A model-by-model history of the popular Triumph Dolomite family, the range of quality sporting saloons that started with the Triumph 1300 and was in production from 1965-80. The Triumph 1300 was innovative, with front-wheel drive and a four-door body designed by Giovanni Michelotti. In 1970 the Triumph 1500 and the three-door Toledo were introduced, followed by the range-topping Dolomite in 1972, with Triumph's slant-4 overhead cam engine and rear-wheel drive. The fast Dolomite Sprint confirmed Triumph's position as the British 'BMW Beater' in 1973, with its powerful 16-valve engine and value achieved through clever engineering. In 1976 the whole range was renamed 'Dolomite' - and was a well-rounded model spread of four-door saloons, with engine sizes from 1300cc to 2 litres.

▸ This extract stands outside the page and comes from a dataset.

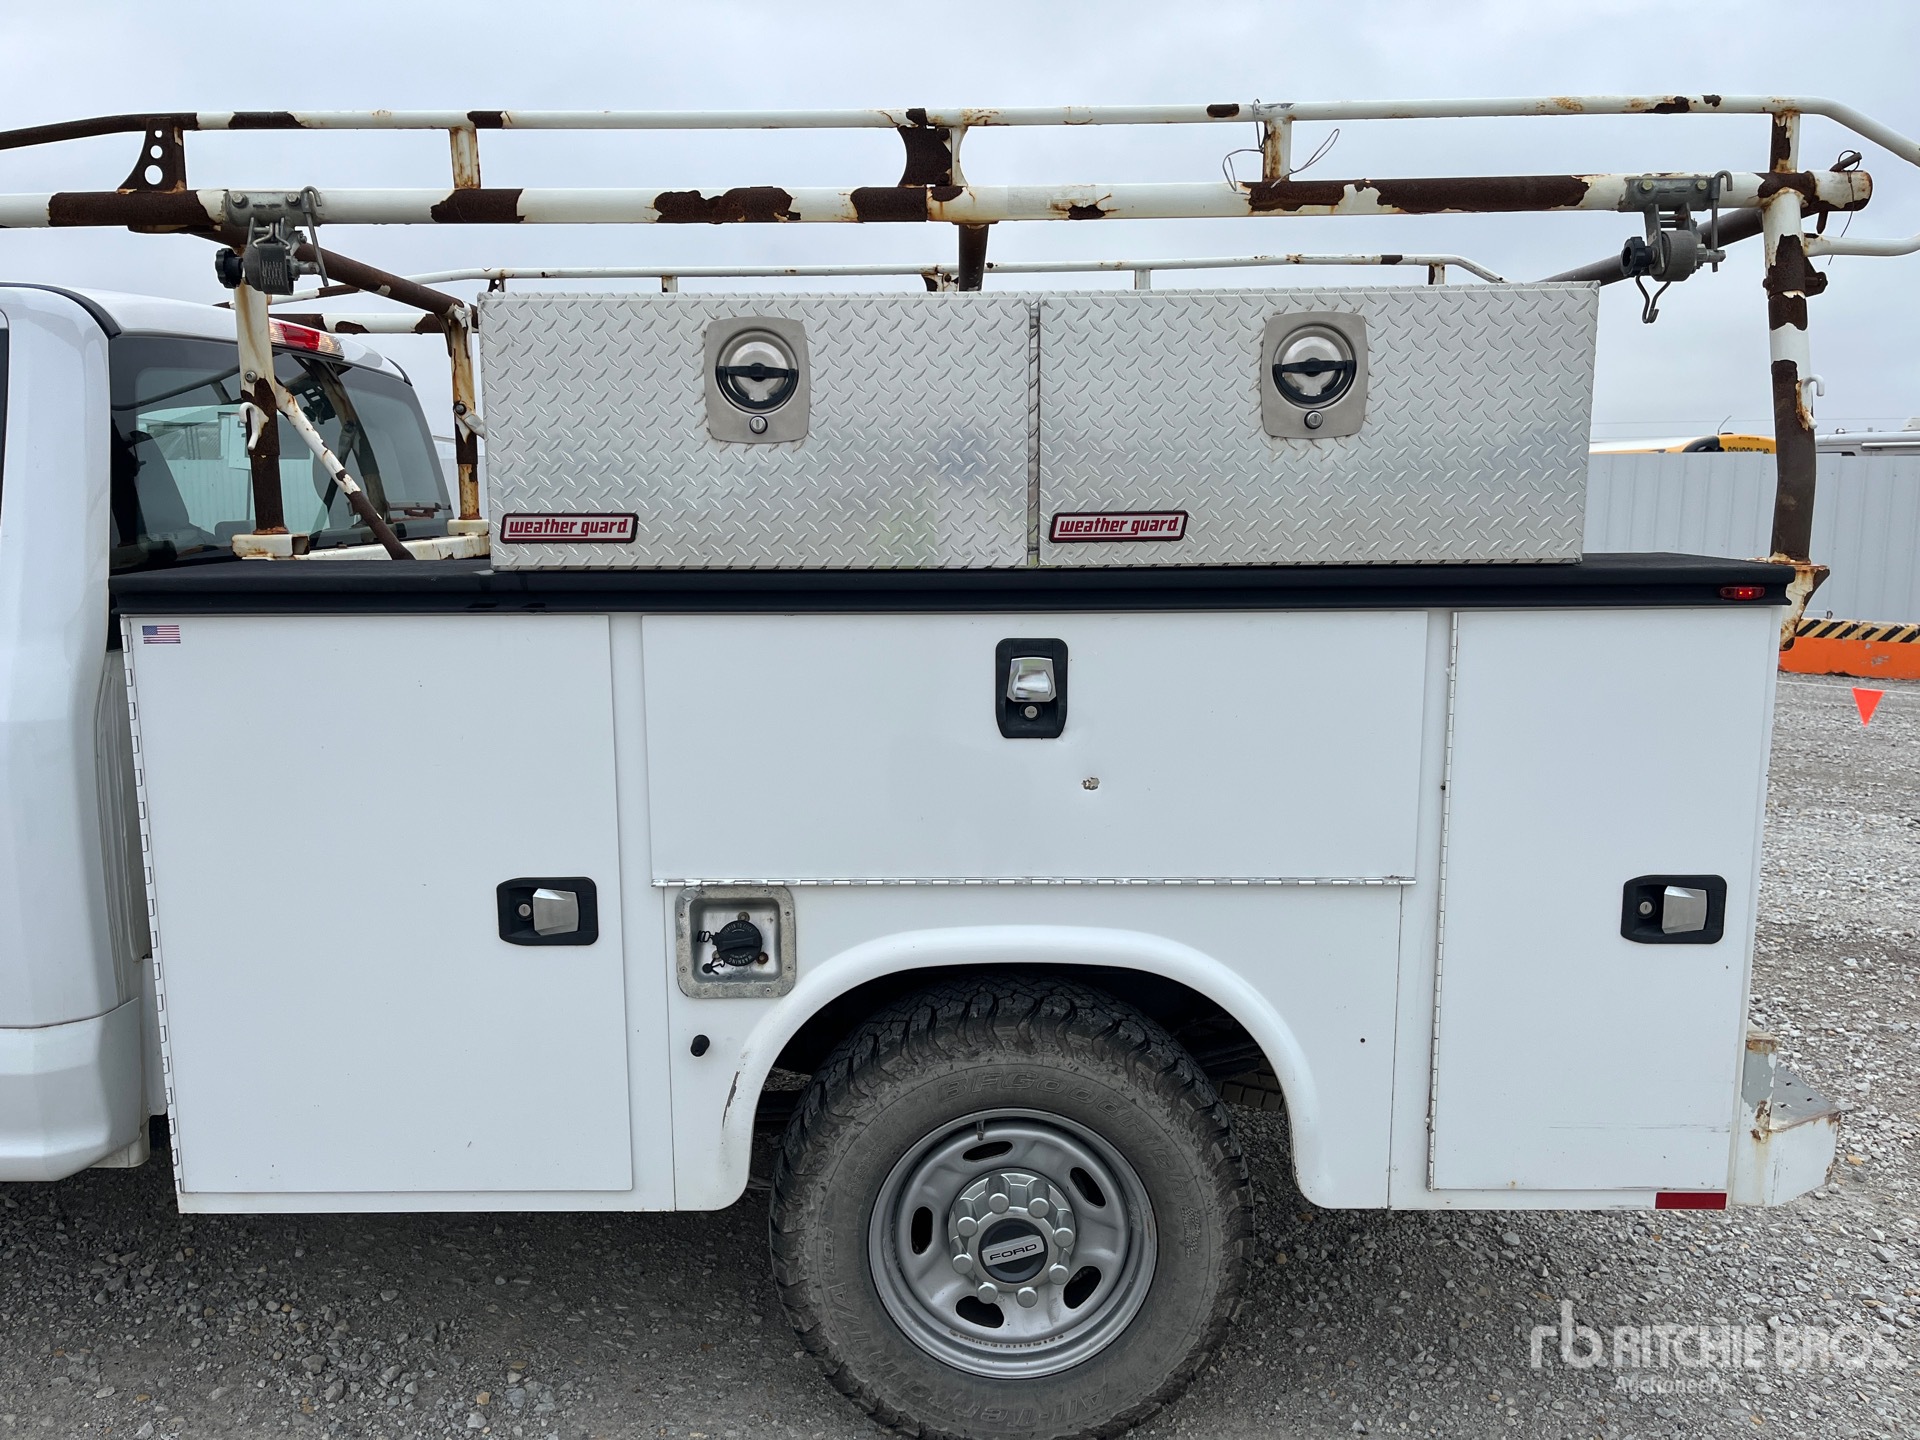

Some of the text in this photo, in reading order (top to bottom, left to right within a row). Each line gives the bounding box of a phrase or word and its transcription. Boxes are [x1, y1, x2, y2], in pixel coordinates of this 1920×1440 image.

[509, 519, 629, 537] weather guard
[1059, 517, 1179, 536] weather guard
[937, 1071, 1192, 1198] BFGoodrich
[989, 1243, 1037, 1261] FORD

With technical specifications and over 150 colour photographs, Triumph Dolomite - An Enthusiast's Guide also includes competition history, the Dolomites' ancestors, and a guide to buying and owning these iconic saloons.

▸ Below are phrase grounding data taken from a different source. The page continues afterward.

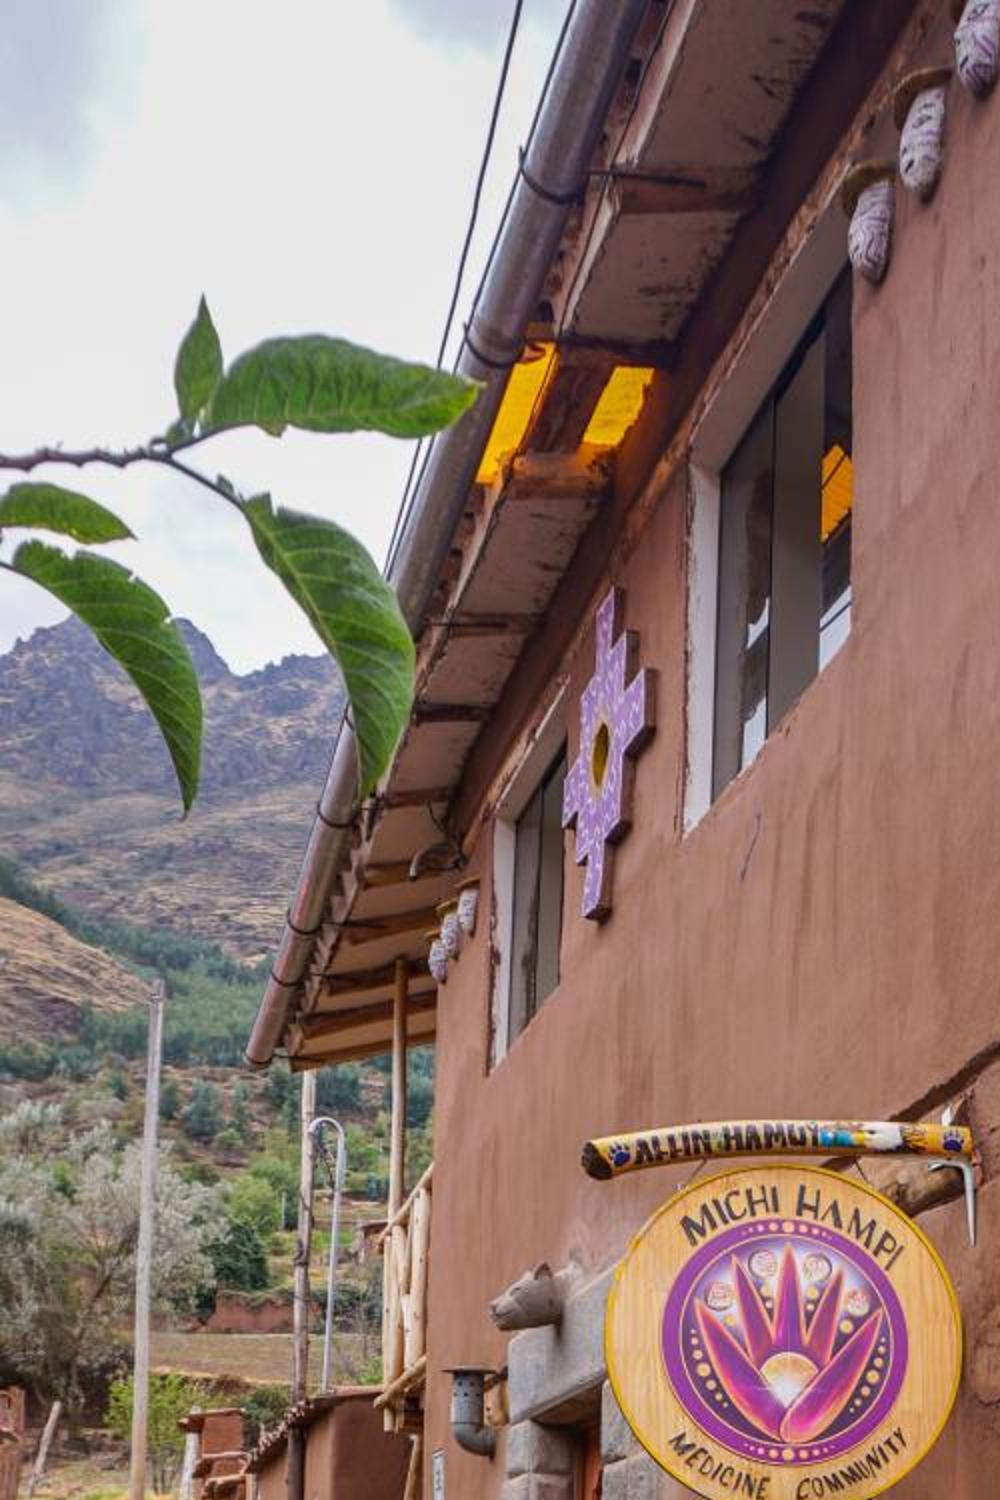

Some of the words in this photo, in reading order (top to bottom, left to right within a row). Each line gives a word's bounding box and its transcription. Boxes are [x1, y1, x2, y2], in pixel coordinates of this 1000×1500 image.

[635, 1129, 712, 1165] ALLIN
[680, 1184, 779, 1247] MICHI
[796, 1184, 905, 1271] HAMPI
[668, 1432, 770, 1500] MEDICINE
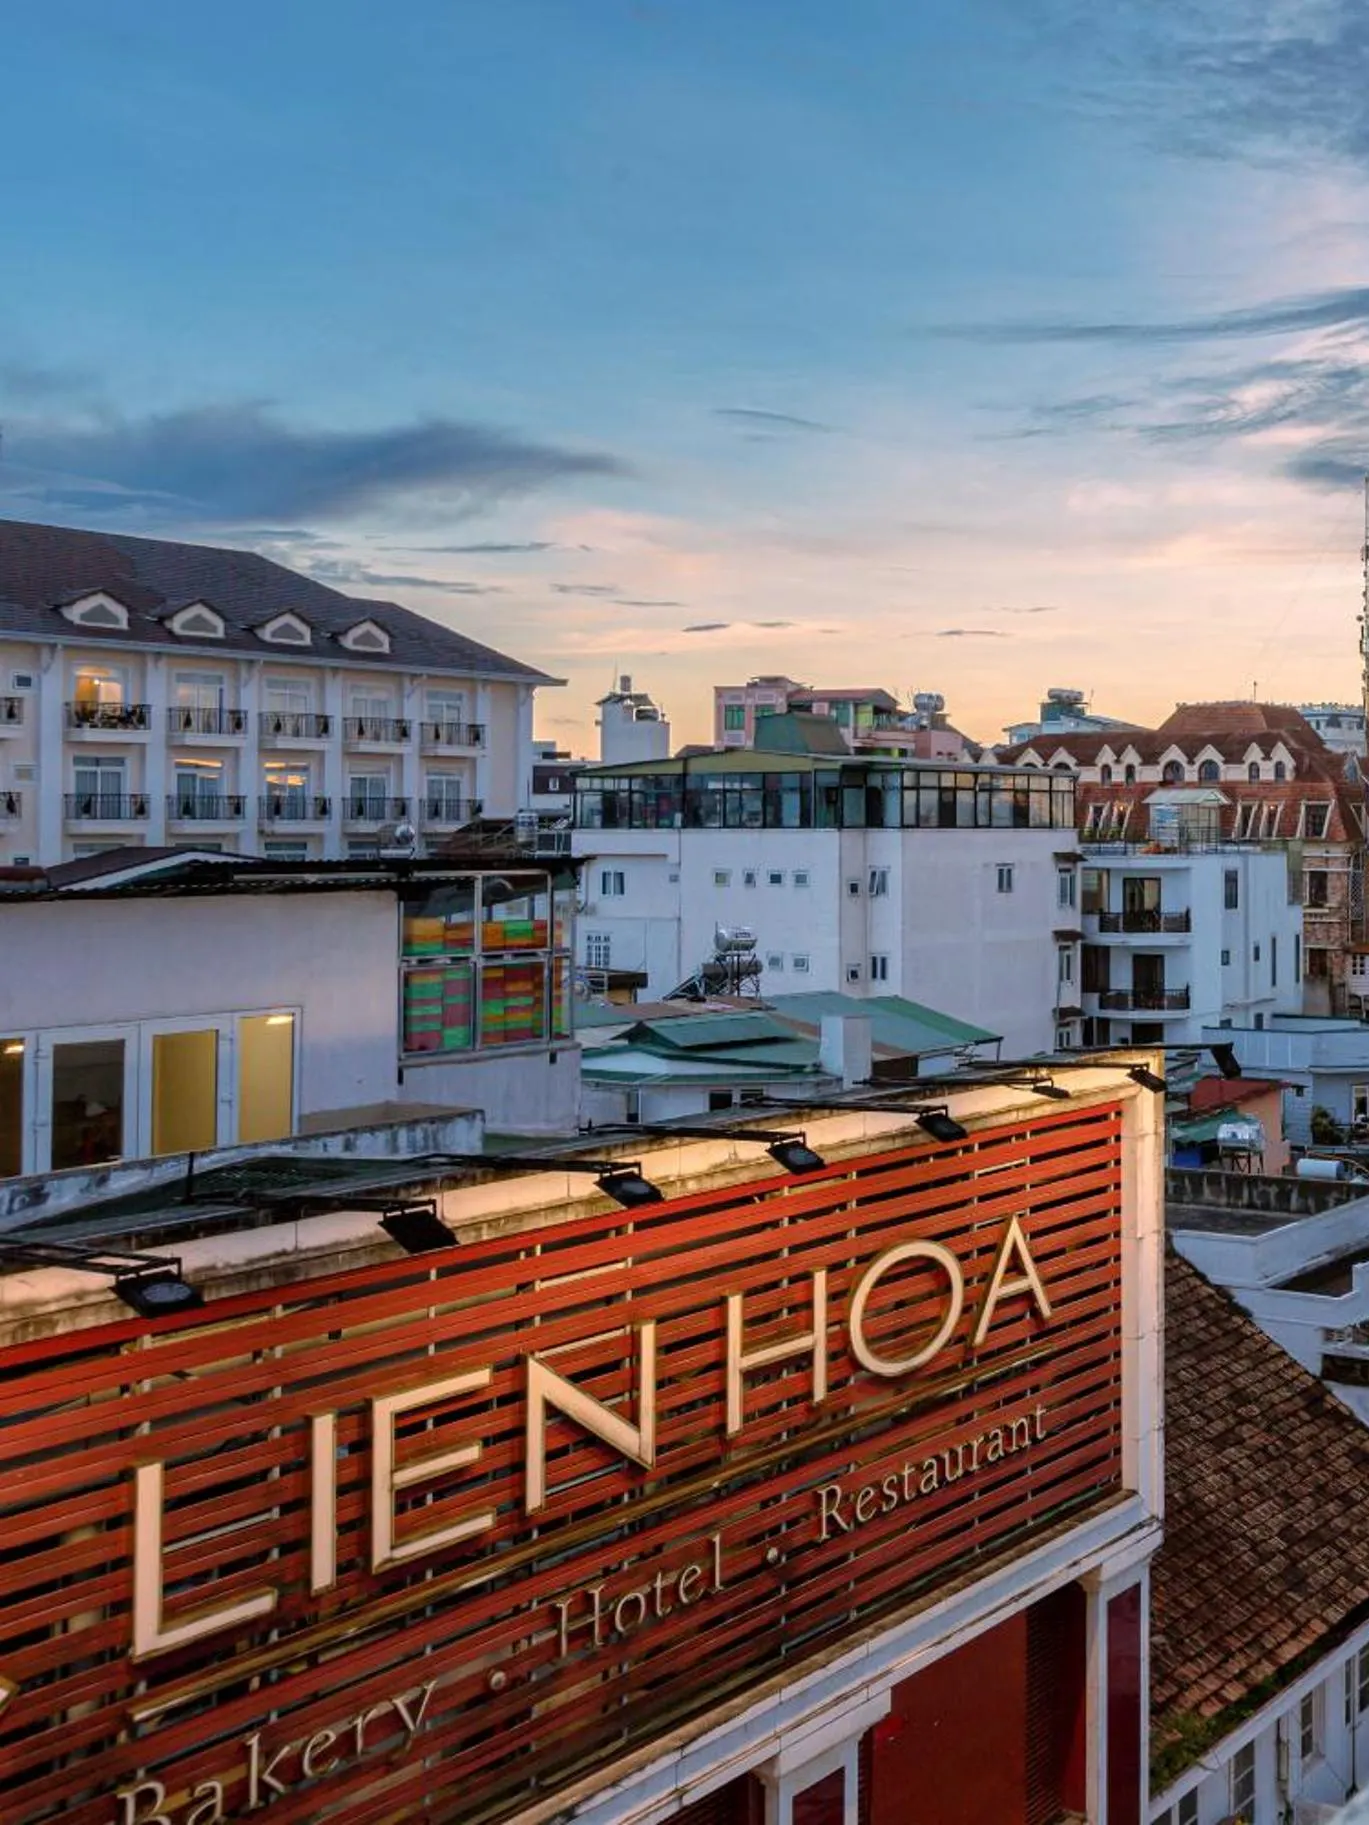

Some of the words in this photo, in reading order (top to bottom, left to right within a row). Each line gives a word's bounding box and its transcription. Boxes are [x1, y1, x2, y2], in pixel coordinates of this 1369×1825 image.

[116, 1678, 439, 1825] Bakery
[554, 1531, 725, 1659] Hotel
[817, 1402, 1048, 1542] Restaurant
[132, 1318, 656, 1663] LIEN
[727, 1214, 1053, 1438] HOA

Matthew Vale has been writing books on classic British motorcycles and cars since 2004. Now retired from his work as a Chartered IT Professional specializing in computer security, he is devoting his free time to classic car and bike restoration, writing classic motoring books and articles, and spending time with his wife and family. In the past he has run such diverse classic cars as a Triumph Spitfire Mark III, MGB, Triumph Stag, and a Lotus Elite. He also restores and rides classic bikes, including the Triumph Bonneville, Norton Commando and BSA Lightning. With a lifelong fascination for glass-fibre-bodied cars (stemming from early holiday jobs at various glass-fibre factories, and ownership of many rusty cars), he is currently carrying out a nut and bolt (and glass fibre) restoration of two Lotus Elan Plus 2s.